Kate was still in a bit of shock. And
since we come from New York, we had this instinct to suspect kind
offers from
strangers. But, on the other hand,
we were up a creek without a paddle--no position to refuse one.
And no, the
motel's restaurant wasn't open. So the bearded guy smiles and says we
must come
to his place, and starts walking off in the direction of another
complex of
highrises.
We're
not
too sure about going up to the
apartment of a stranger who out of nowbere is offering us dinner. I'm
nervous,
but open-eyed and ready to see what happens, not to mention hungry. It
would be
uncool to say no, with no reason save our city-bred paranoia, and I
tell Kate
as much.
It
was a
nice apartment,a couple of bedrooms. concrete deck with a view of the
parking
lot. He put us down on the couch and turned on a big old reel-to-reel
tape
player. He loves American jazz, he says, and knows more about it than
we do. I
He gives me the only book he has in English--a big picturebook about
the 1980
Olympic Games in Moscow--and disappears into the kitchen.
Presently
he reappears with a tray of scrambled eggs with sausage, bread with
butter, and
tea. He shares a tea with us and smokes a cigarette while we joyfully
devour
the food. He tells us he works as a mechanic in a coal mine and his
wife and
kids are with the in-laws.
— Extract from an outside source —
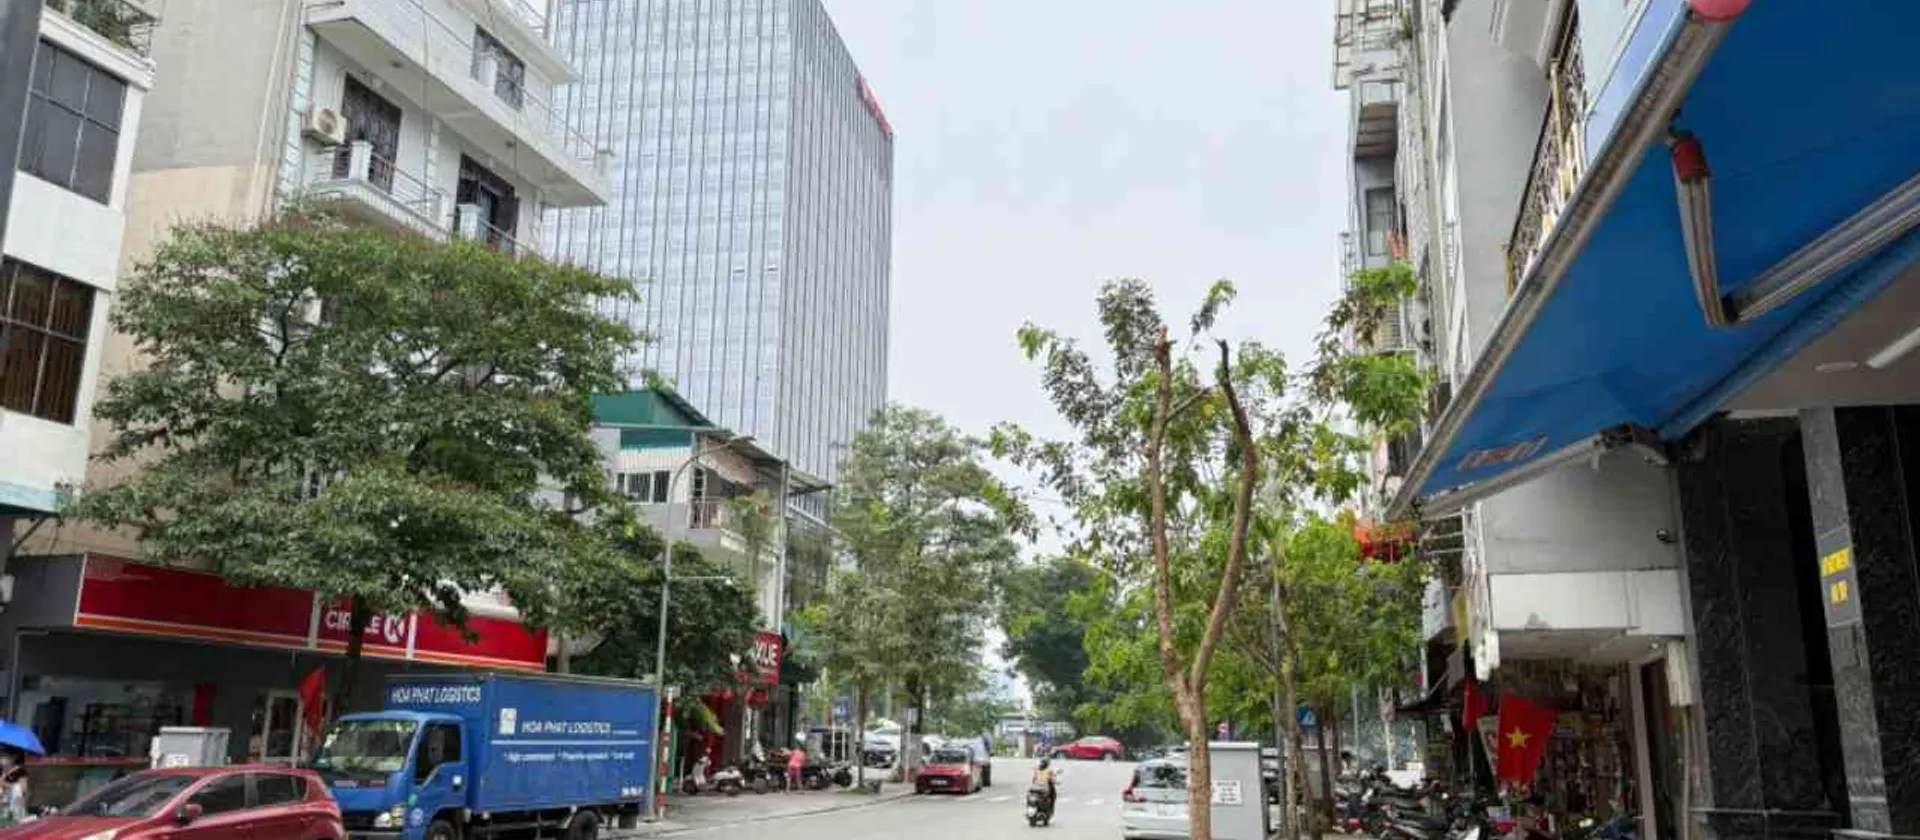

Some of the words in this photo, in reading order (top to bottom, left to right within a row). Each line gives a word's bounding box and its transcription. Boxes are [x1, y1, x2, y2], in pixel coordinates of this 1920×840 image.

We ask him what it's like living in a city
so well
known for one terrible thing, and he just says, "Sad. " We try to
make more conversation, but he's content to just serve us and doesn't
even want
any interesting Western info in return.
We
finish
our delicious meal, he puts out his cigarette and says. "Now I will
show
you back to your hotel”--not forcing us to leave, not making us stay,
just
doing what we want.
When we get
within sight of the hotel, he stops in the path, shakes our hands,
turns and
leaves. We continue up to our room, amazed at these fast events:
rescued from
the scary foodless bar and well-fed just like that by a generous
stranger whose
name we never got.
It
was
scarier turning the lights off that night, after the rain and the long
walk,
infused with the shadows of the millions of souls who perished where we
slept.
In the morning I had my only sort of mystical or spiritual experience
of the
trip: I was in half-sleep, just waking, when I heard five clear tones
in my
head--a distinct melody, sort of like the message from the aliens in
“Close
Encounters.” And there were five syllables that went with the tones,
and they
were these: "We are not complete."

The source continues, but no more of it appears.